Читаем Апокриф полностью

Острихс немедленно почувствовал совершенно искреннюю заинтересованность нового знакомого в глубоком общении с ним. Было отчетливо видно, что здесь интерес именно к его, Острихса, личности, а не к пресловутому дару и тем возможностям, которые он сулил. Это и подкупало. Острихс слишком хорошо понимал, что многие, если не большинство из окружавших его людей, набивались к нему в друзья из неких в той или иной мере корыстных соображений. Кто-то просто тешил свое тщеславие тесным знакомством со знаменитостью, кто-то, сочтя его за посланца Великой Сущности, вожделел приобщиться к тайной благодати, которая, видимо, распространялась вокруг такого волшебного объекта, кто-то жаждал засиять сам, хотя бы и отраженным светом, кто-то питался за счет мелких спекуляций на любопытстве толпы к забавному «уроду», а кто-то рассчитывал напрямую приспособить Острихса вкупе с его даром в качестве приводного механизма для построения собственного процветания…

Так уж вышло, что профессиональный интерес Тиоракиса к «Чужому» чрезвычайно удачно маскировался его личным чисто человеческим интересом. А то обстоятельство, что самому Тиоракису от Острихса, как от обладателя сверхспособностями, действительно ничего не было нужно, придавало особую достоверность его поведению.

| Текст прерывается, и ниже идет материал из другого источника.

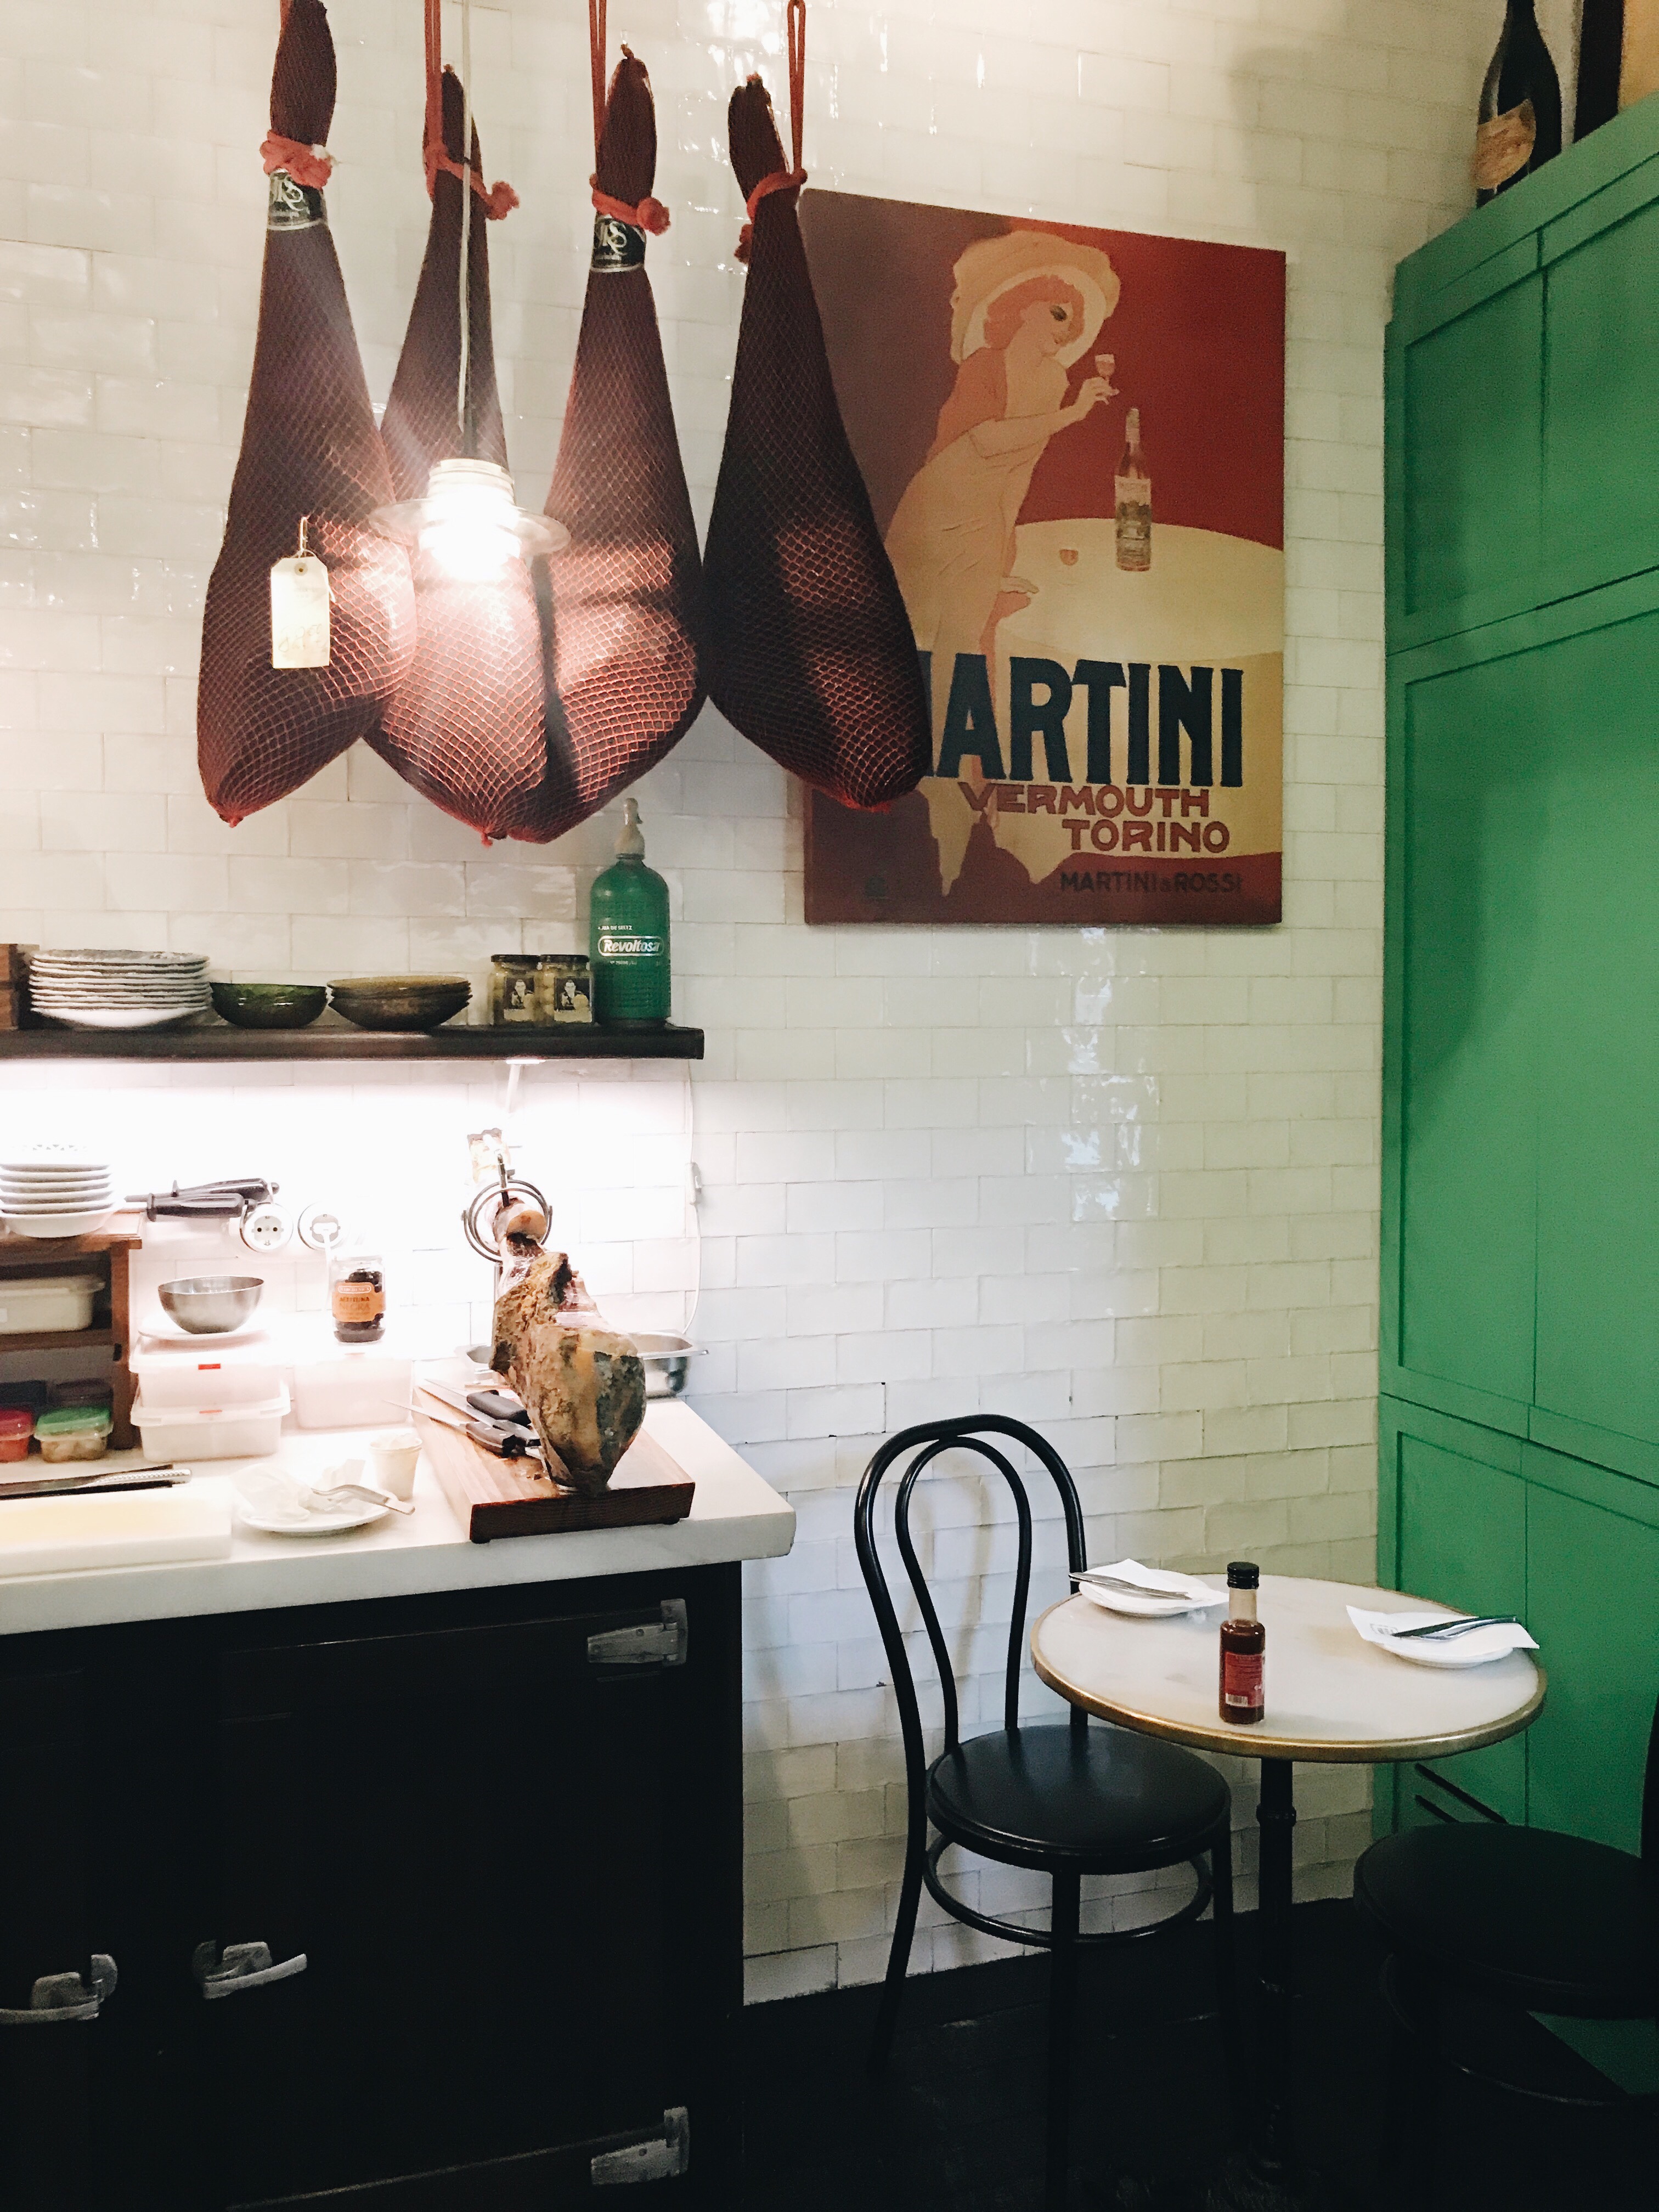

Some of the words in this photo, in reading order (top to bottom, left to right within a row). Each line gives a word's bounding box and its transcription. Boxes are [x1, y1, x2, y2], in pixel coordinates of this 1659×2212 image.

[917, 651, 1243, 787] ARTINI
[958, 781, 1209, 818] VERMOUTH
[1062, 819, 1231, 853] TORINO
[603, 939, 661, 952] Revoltosa

Кроме того, Тиоракис также испытывал жгучую потребность в психологическом самораскрытии. Специфика работы требовала от него очень осторожно относиться к установлению личных связей и слишком часто принуждала безжалостно и окончательно разрывать их во имя исполнения служебного долга. Так что друзей, в полном смысле этого слова, Тиоракис давно уже не имел, а штатные психологи ведомства, сотрудником которого он состоял, не могли дать и десятой доли того, на что способно неформальное человеческое общение. Стиснутая постоянным усилием воли природная эмоциональность Тиоракиса требовала хоть какого-то естественного выхода, и поэтому задание, сутью которого было стать «Чужому», по возможности, другом, пришлось как нельзя кстати.

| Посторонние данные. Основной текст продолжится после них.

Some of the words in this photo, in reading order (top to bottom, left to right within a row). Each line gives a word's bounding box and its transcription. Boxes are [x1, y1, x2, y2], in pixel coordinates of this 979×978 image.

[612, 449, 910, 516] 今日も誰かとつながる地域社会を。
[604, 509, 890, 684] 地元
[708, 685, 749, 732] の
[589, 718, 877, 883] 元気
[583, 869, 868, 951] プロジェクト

Можно сказать, что сотрудник политического сыска и объект разработки оказались обреченными на взаимную симпатию. Это же представляло угрозу как для одного, так и для другого. «Чужой» полным ходом шел в расставленные для него сети, а агент находился под риском потерять способность в решительный момент действовать холодно и расчетливо…

* * *

Органично войдя в окружение Чужого и даже сблизившись с самим Острихсом, Тиоракис почувствовал определенную скованность в том, что касалось реализации второго и основного этапа комбинации, затеянной Мамулей с подачи, возможно, самого президента. Пора было начинать давить на объект в нужном заказчику направлении, и вот здесь как раз успехами похвастаться было нельзя. Мягко и околичностями ничего не выходило, а перейти к более решительному наступлению Тиоракису мешало неожиданное, ужасно неприятное, колкое (вроде печенья, раскрошенного в постели) чувство неловкости и какое-то собственное внутреннее сопротивление.

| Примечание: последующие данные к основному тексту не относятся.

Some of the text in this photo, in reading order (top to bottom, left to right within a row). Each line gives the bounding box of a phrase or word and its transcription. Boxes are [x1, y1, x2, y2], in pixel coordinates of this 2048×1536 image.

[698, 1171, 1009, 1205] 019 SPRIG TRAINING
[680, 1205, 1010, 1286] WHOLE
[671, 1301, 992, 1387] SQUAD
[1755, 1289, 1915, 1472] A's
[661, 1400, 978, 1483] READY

Обдумывая на пустынной курортной набережной это свое состояние, он достаточно быстро пришел к выводу, что имеет дело с деятельностью того самого фактора, который именуется совестью. Нравственные переживания такого рода не были для Тиоракиса новостью, но единственное средство — осознание конечной правоты, — позволявшее в прошлом переступить через них и продолжать выполнение задания, в этот раз не спешило прийти на помощь.